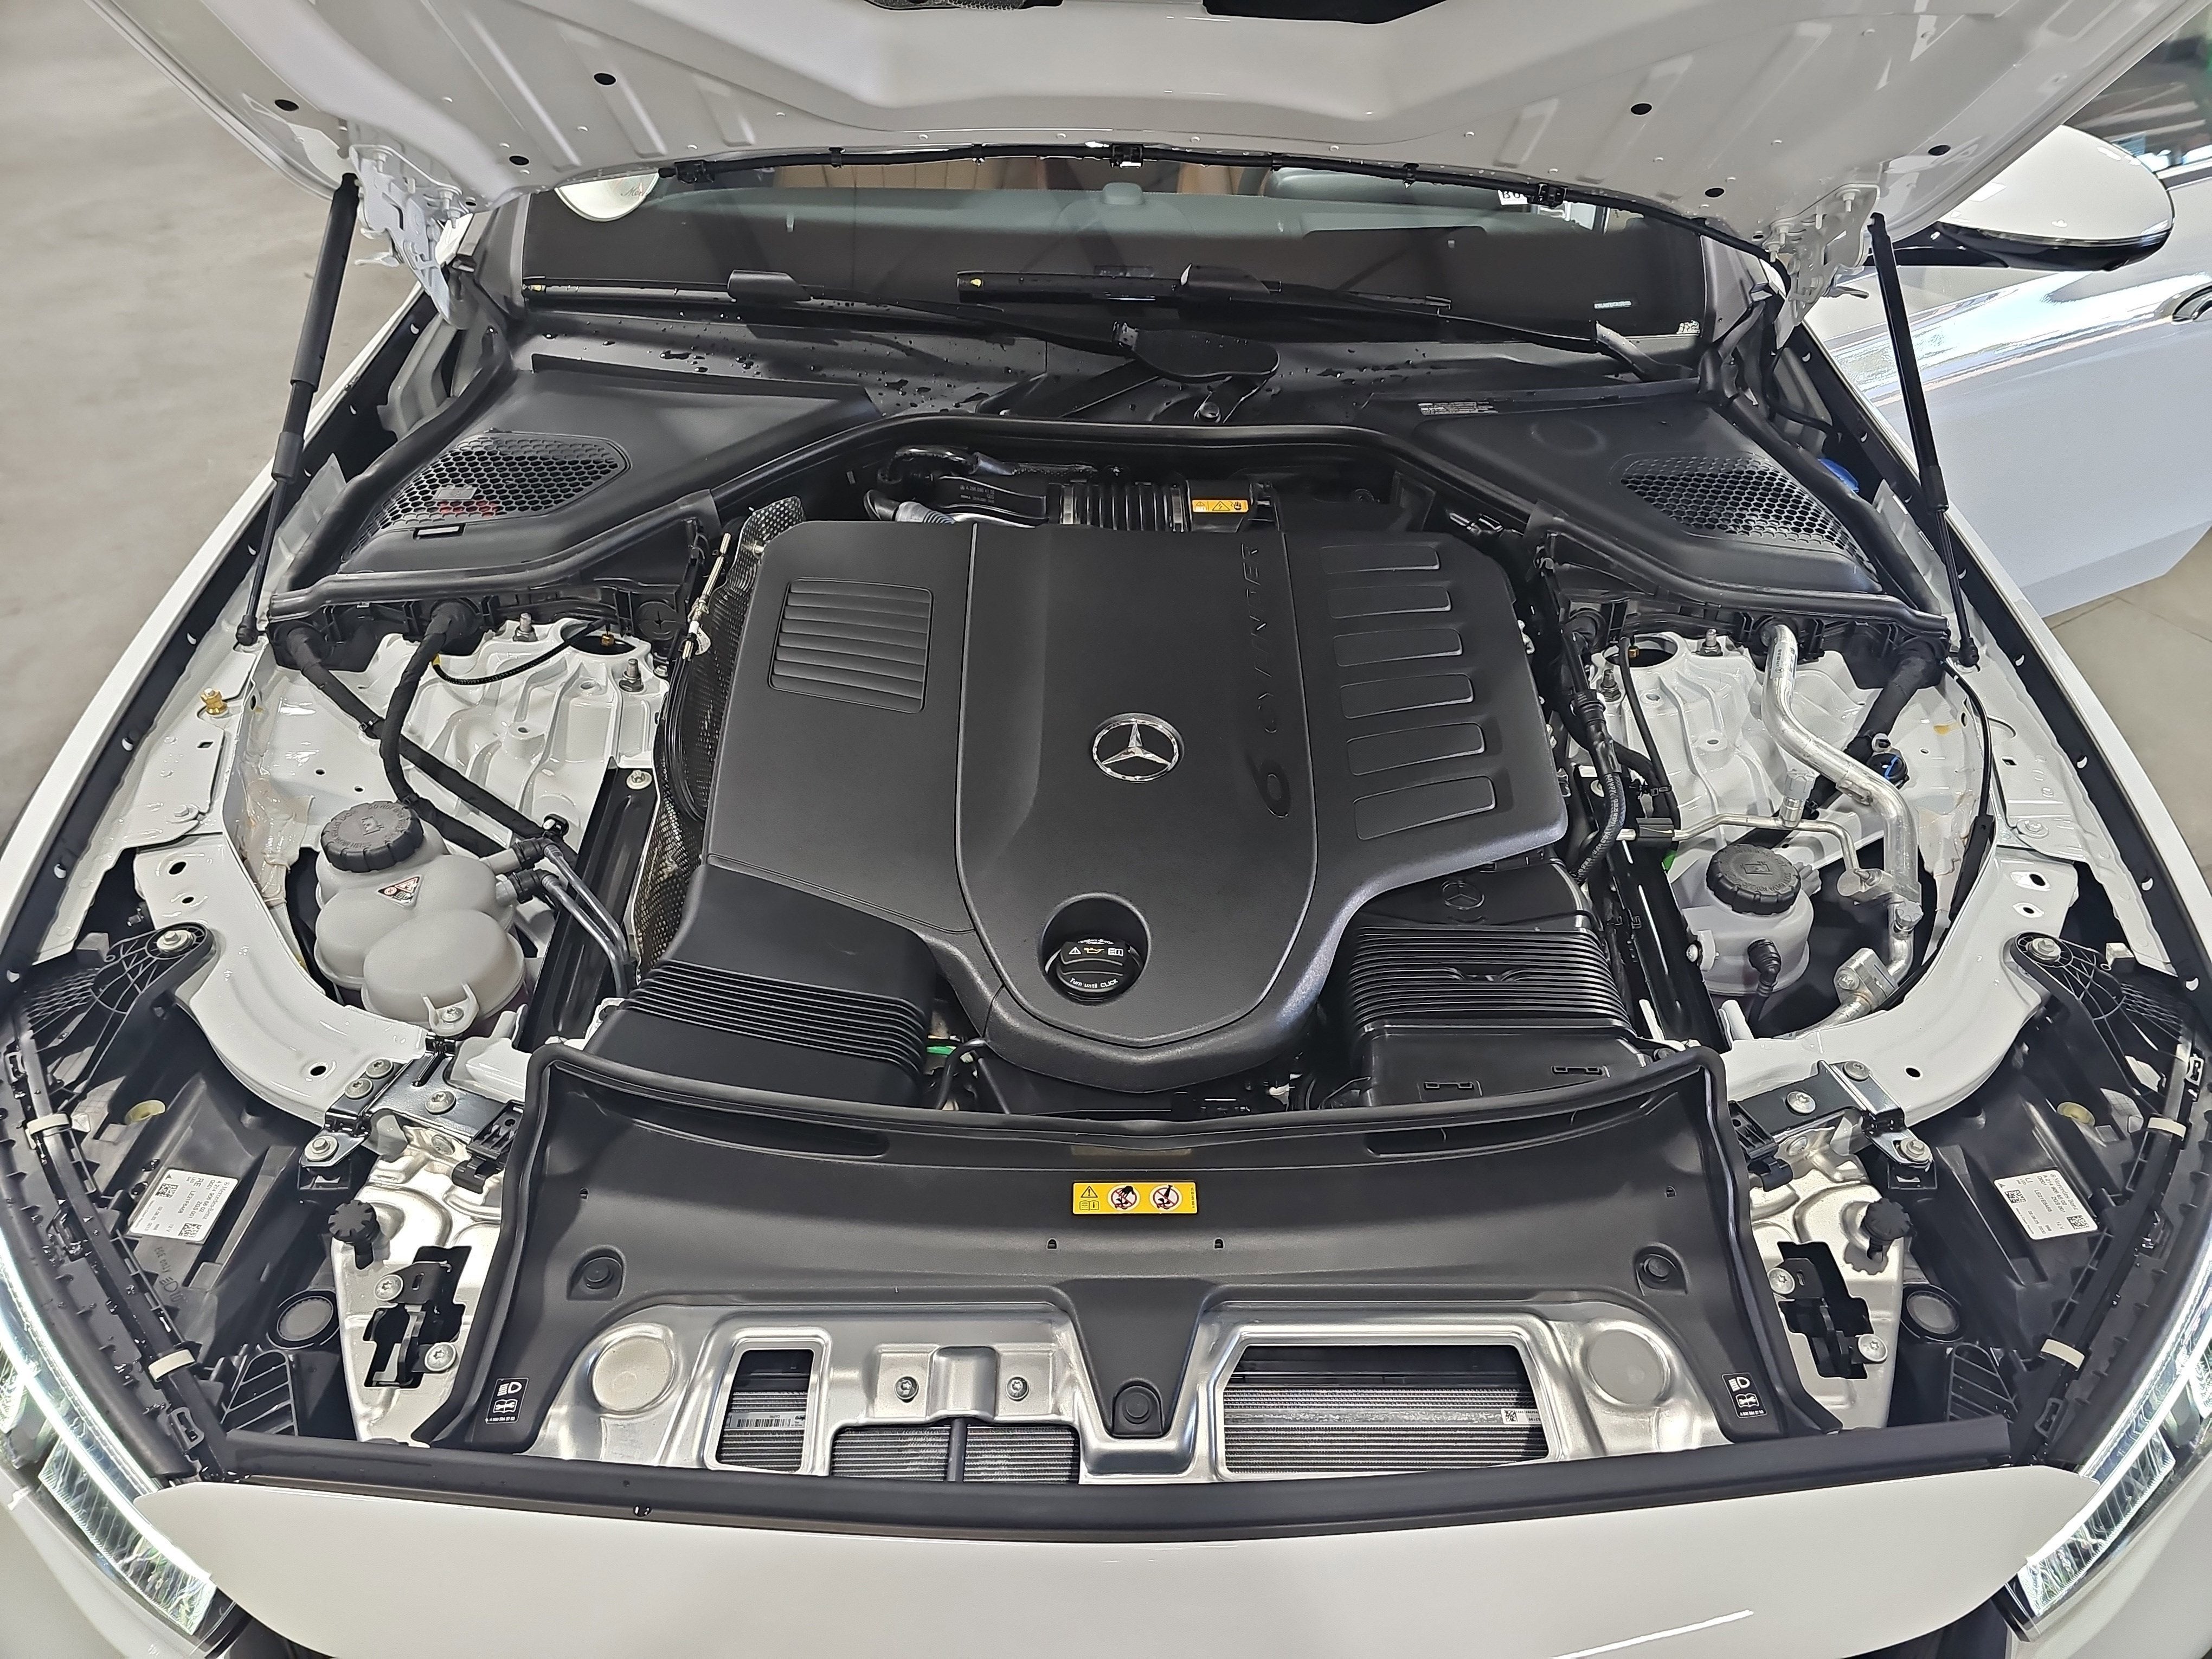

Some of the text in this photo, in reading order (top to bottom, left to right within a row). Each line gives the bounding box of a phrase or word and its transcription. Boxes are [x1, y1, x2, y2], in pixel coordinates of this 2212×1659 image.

[1070, 978, 1082, 986] Turn
[1100, 979, 1118, 988] CLICK
[193, 1178, 204, 1187] RE
[2054, 1178, 2079, 1210] Mercedes-Benz
[203, 1186, 226, 1219] Mercedes-Benz
[2050, 1196, 2060, 1205] ZGS
[192, 1201, 202, 1210] ZGS
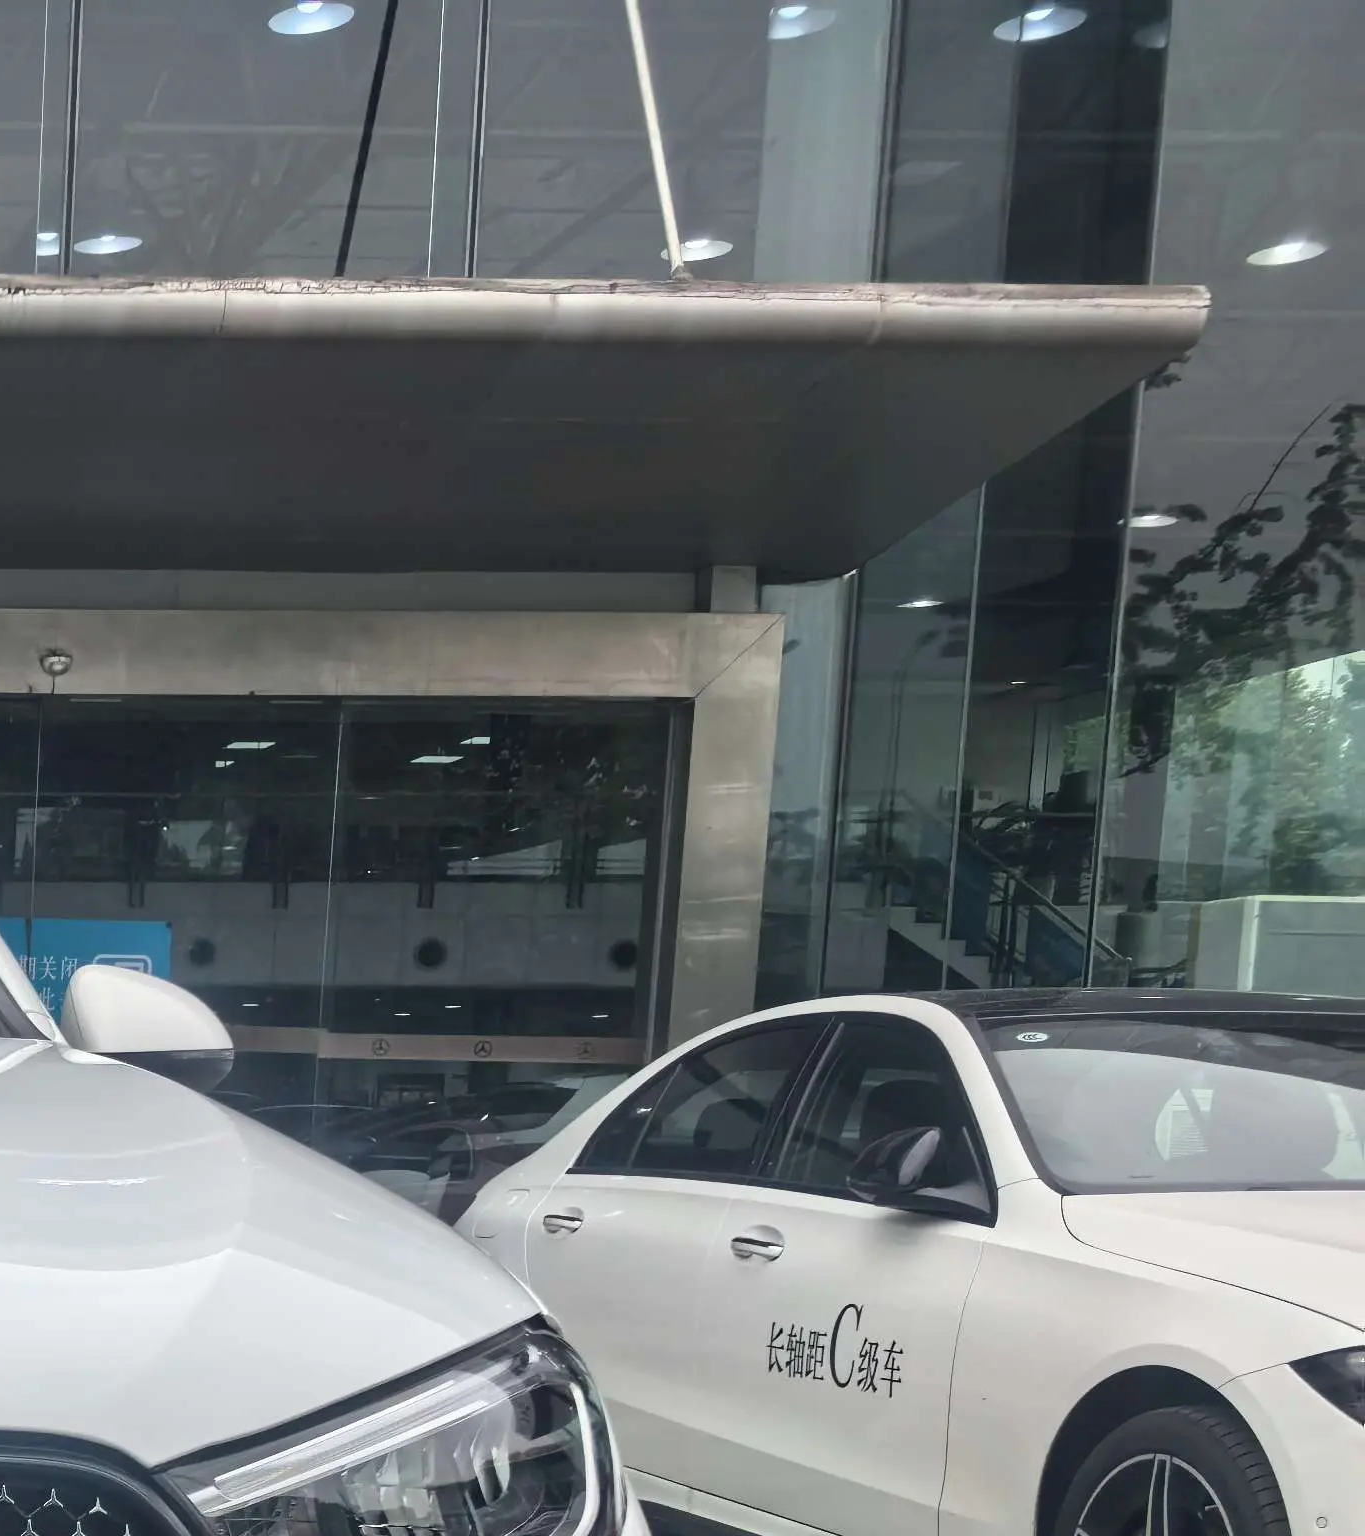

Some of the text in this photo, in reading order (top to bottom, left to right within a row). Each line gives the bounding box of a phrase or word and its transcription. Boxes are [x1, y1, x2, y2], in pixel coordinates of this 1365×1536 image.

[766, 1303, 904, 1398] 长轴距C级车
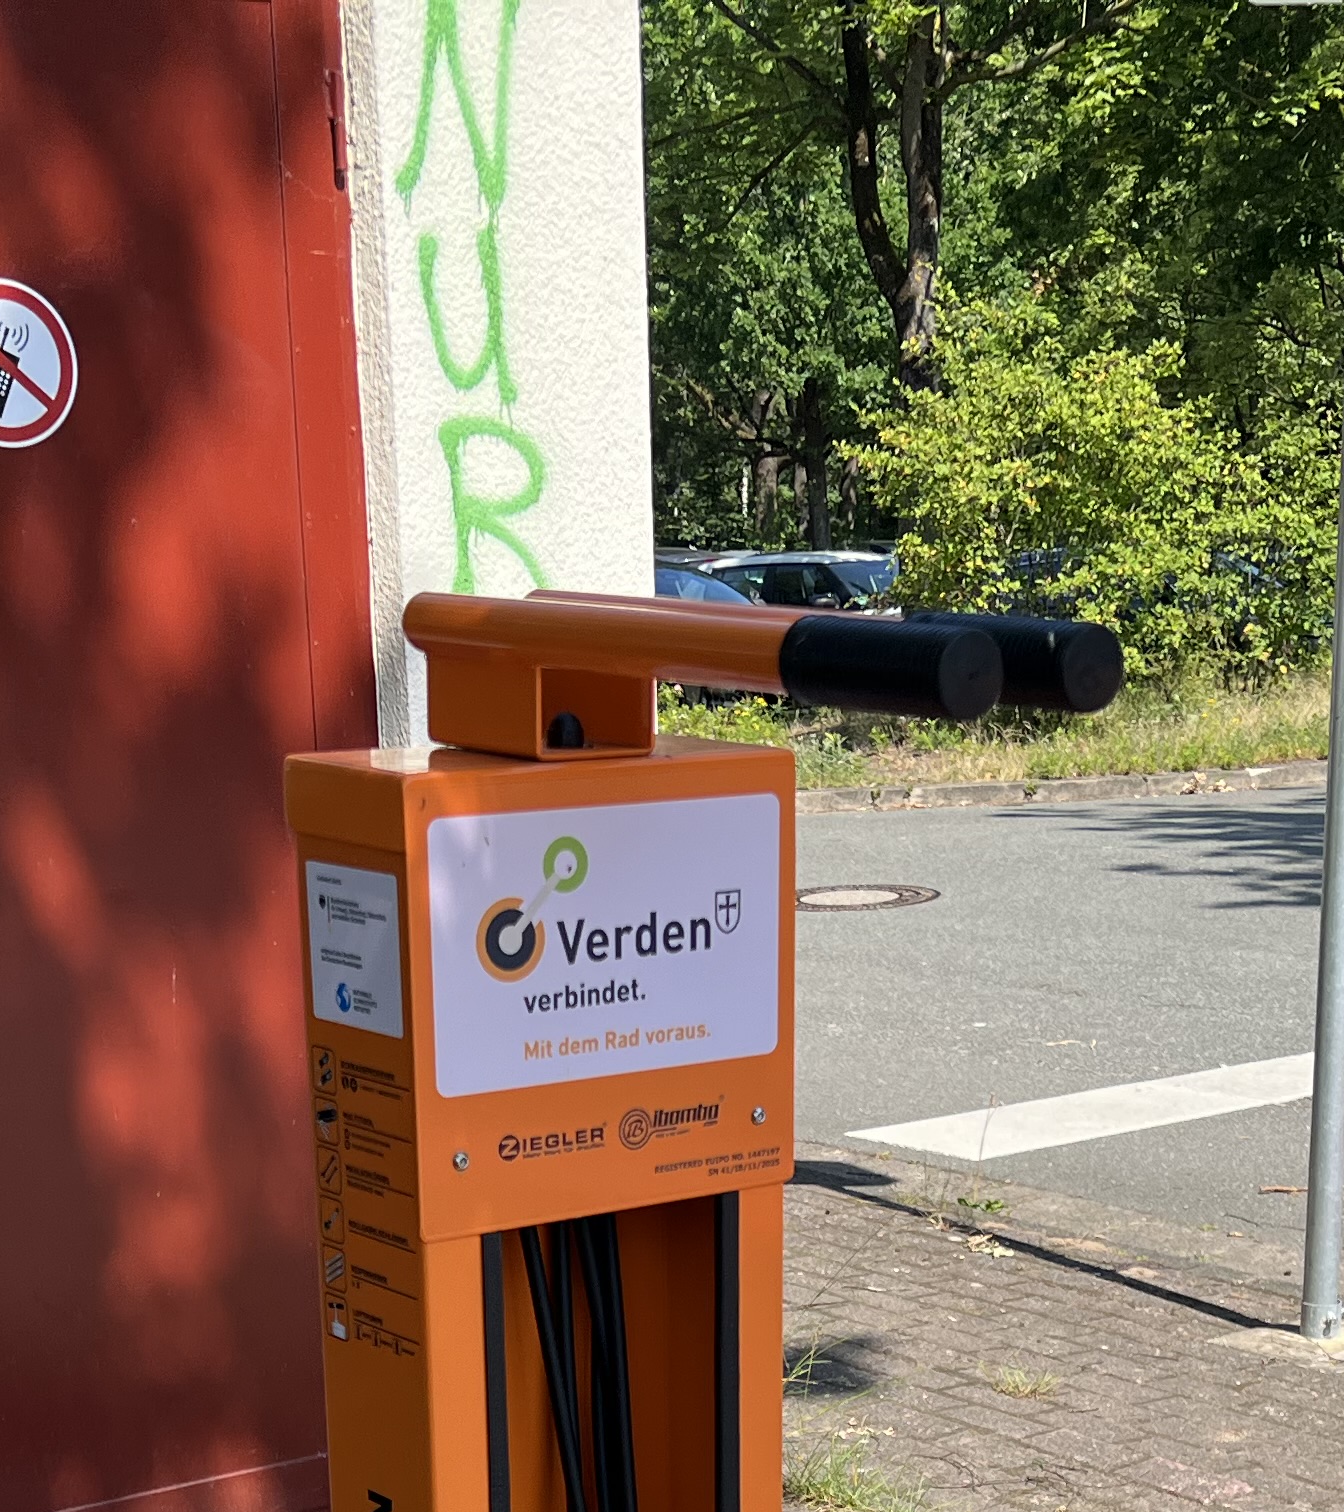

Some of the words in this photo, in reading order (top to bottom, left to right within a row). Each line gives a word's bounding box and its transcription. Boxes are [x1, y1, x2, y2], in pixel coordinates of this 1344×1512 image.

[557, 911, 712, 965] Verden
[523, 979, 646, 1014] verbindet.
[523, 1039, 553, 1061] Mit
[558, 1037, 599, 1056] dem
[605, 1028, 640, 1050] Rad
[645, 1023, 712, 1046] voraus.
[498, 1127, 605, 1162] ZIEGLER
[654, 1160, 703, 1175] REGISTERED

- - -

◆ Your task: Could you give again, word for word, the line with "Some of the words" and all lines after it through the end of the data? Leave out everything else.

◆ Solution:
Some of the words in this photo, in reading order (top to bottom, left to right within a row). Each line gives a word's bounding box and its transcription. Boxes are [x1, y1, x2, y2], in pixel coordinates of this 1344×1512 image.

[557, 911, 712, 965] Verden
[523, 979, 646, 1014] verbindet.
[523, 1039, 553, 1061] Mit
[558, 1037, 599, 1056] dem
[605, 1028, 640, 1050] Rad
[645, 1023, 712, 1046] voraus.
[498, 1127, 605, 1162] ZIEGLER
[654, 1160, 703, 1175] REGISTERED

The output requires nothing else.